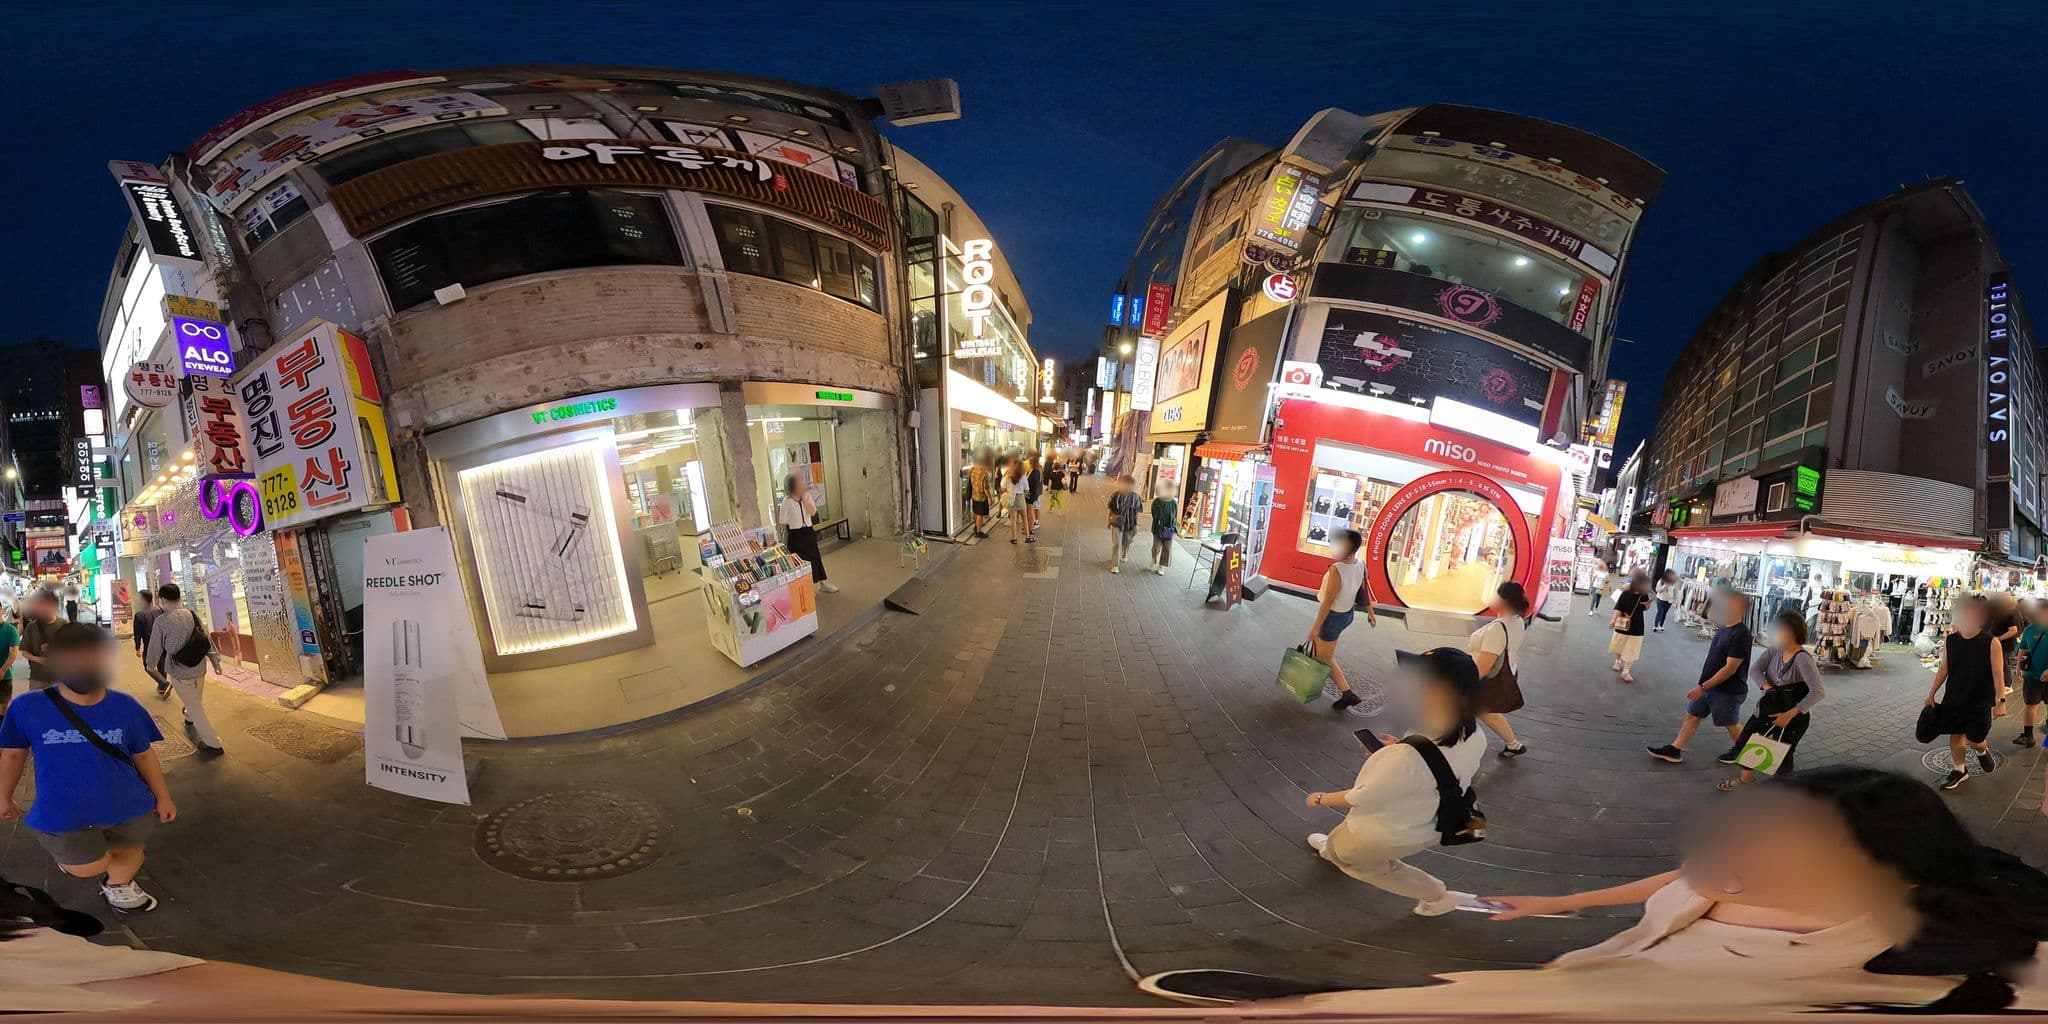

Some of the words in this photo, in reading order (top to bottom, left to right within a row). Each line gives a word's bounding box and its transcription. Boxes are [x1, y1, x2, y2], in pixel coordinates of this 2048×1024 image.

[961, 239, 993, 336] ROOT
[1274, 276, 1295, 298] 占
[1990, 283, 2007, 339] HOTEL
[185, 346, 230, 364] ALO
[1888, 336, 1920, 354] SAVOY
[185, 361, 231, 374] EYEWEAR
[1928, 346, 1976, 373] SAVOY
[131, 372, 176, 389] 부동산
[533, 412, 549, 425] VT
[551, 398, 618, 421] COSMETICS
[1890, 394, 1929, 417] SAVOY
[1989, 356, 2008, 443] SAVOY
[241, 371, 284, 460] 명진
[276, 337, 351, 508] 부동산
[200, 395, 246, 473] 부동산
[1424, 438, 1476, 462] miso
[262, 475, 289, 496] 777-
[266, 493, 297, 517] 8128
[1373, 532, 1384, 561] K-PHOTO
[1381, 511, 1393, 531] ZOOM
[1392, 498, 1407, 512] LENS
[1552, 544, 1572, 554] miso
[366, 577, 406, 588] REEDLE
[408, 573, 441, 586] SHOT
[381, 763, 447, 783] INTENSITY
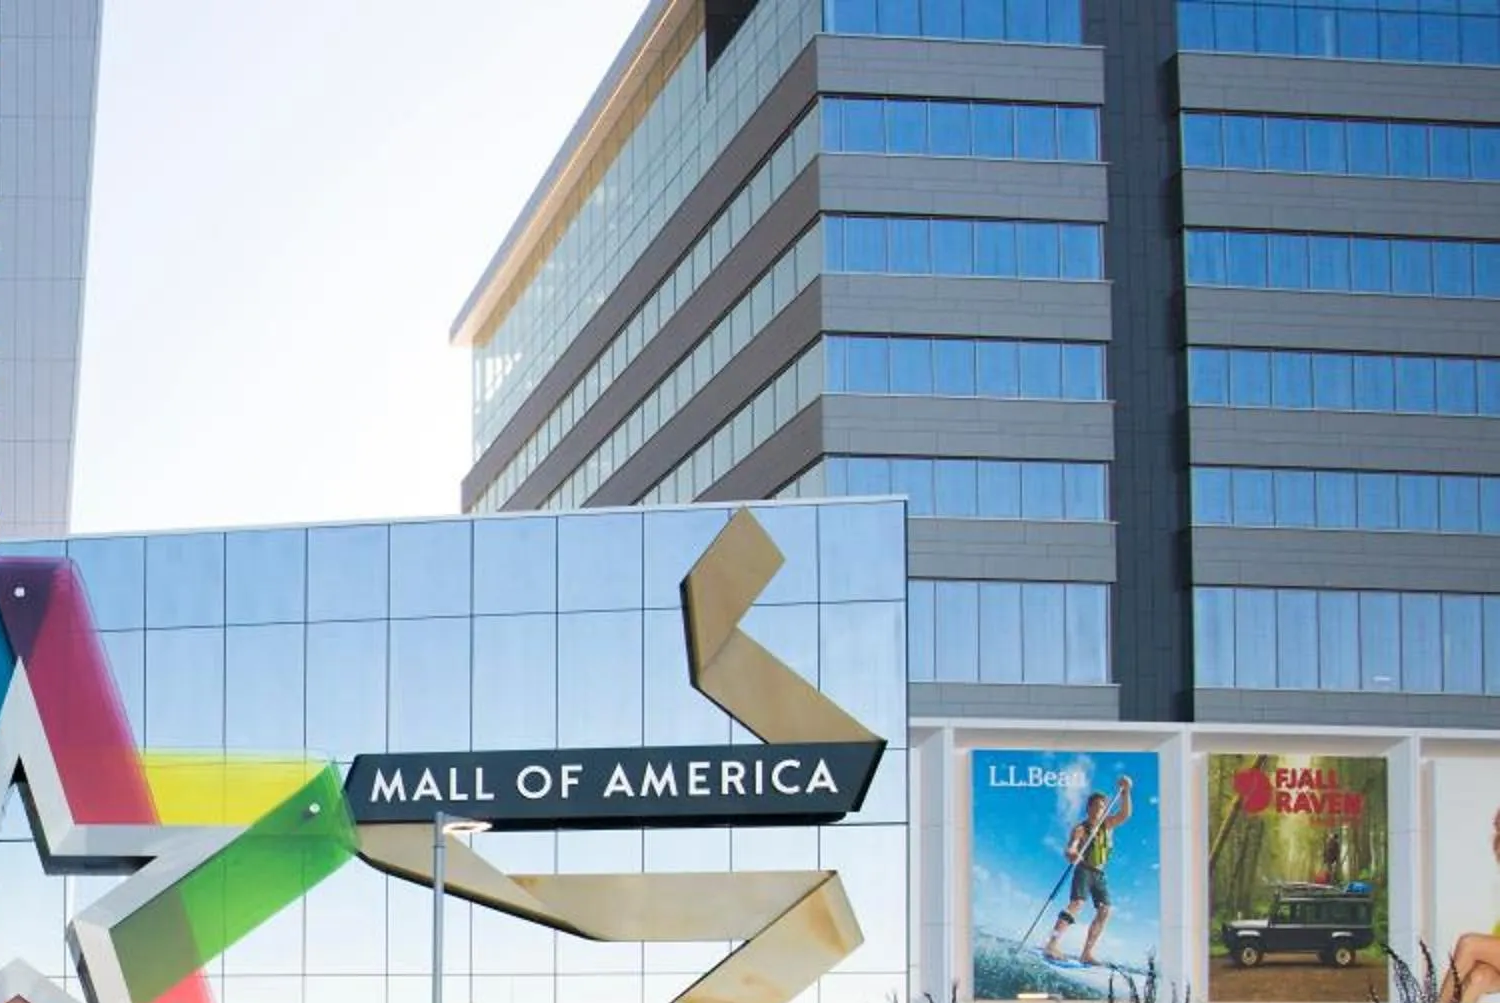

-=-=-

= PROBLEM DESCRIPTION =
Once the pictures are dropped, repeat the data above exactly.

= WRITTEN SOLUTION =
Some of the words in this photo, in reading order (top to bottom, left to right within a row). Each line gives a word's bounding box and its transcription. Boxes are [x1, y1, x2, y2], in pixel coordinates of this 2048×1024 image.

[961, 239, 993, 336] ROOT
[1274, 276, 1295, 298] 占
[1990, 283, 2007, 339] HOTEL
[185, 346, 230, 364] ALO
[1888, 336, 1920, 354] SAVOY
[185, 361, 231, 374] EYEWEAR
[1928, 346, 1976, 373] SAVOY
[131, 372, 176, 389] 부동산
[533, 412, 549, 425] VT
[551, 398, 618, 421] COSMETICS
[1890, 394, 1929, 417] SAVOY
[1989, 356, 2008, 443] SAVOY
[241, 371, 284, 460] 명진
[276, 337, 351, 508] 부동산
[200, 395, 246, 473] 부동산
[1424, 438, 1476, 462] miso
[262, 475, 289, 496] 777-
[266, 493, 297, 517] 8128
[1373, 532, 1384, 561] K-PHOTO
[1381, 511, 1393, 531] ZOOM
[1392, 498, 1407, 512] LENS
[1552, 544, 1572, 554] miso
[366, 577, 406, 588] REEDLE
[408, 573, 441, 586] SHOT
[381, 763, 447, 783] INTENSITY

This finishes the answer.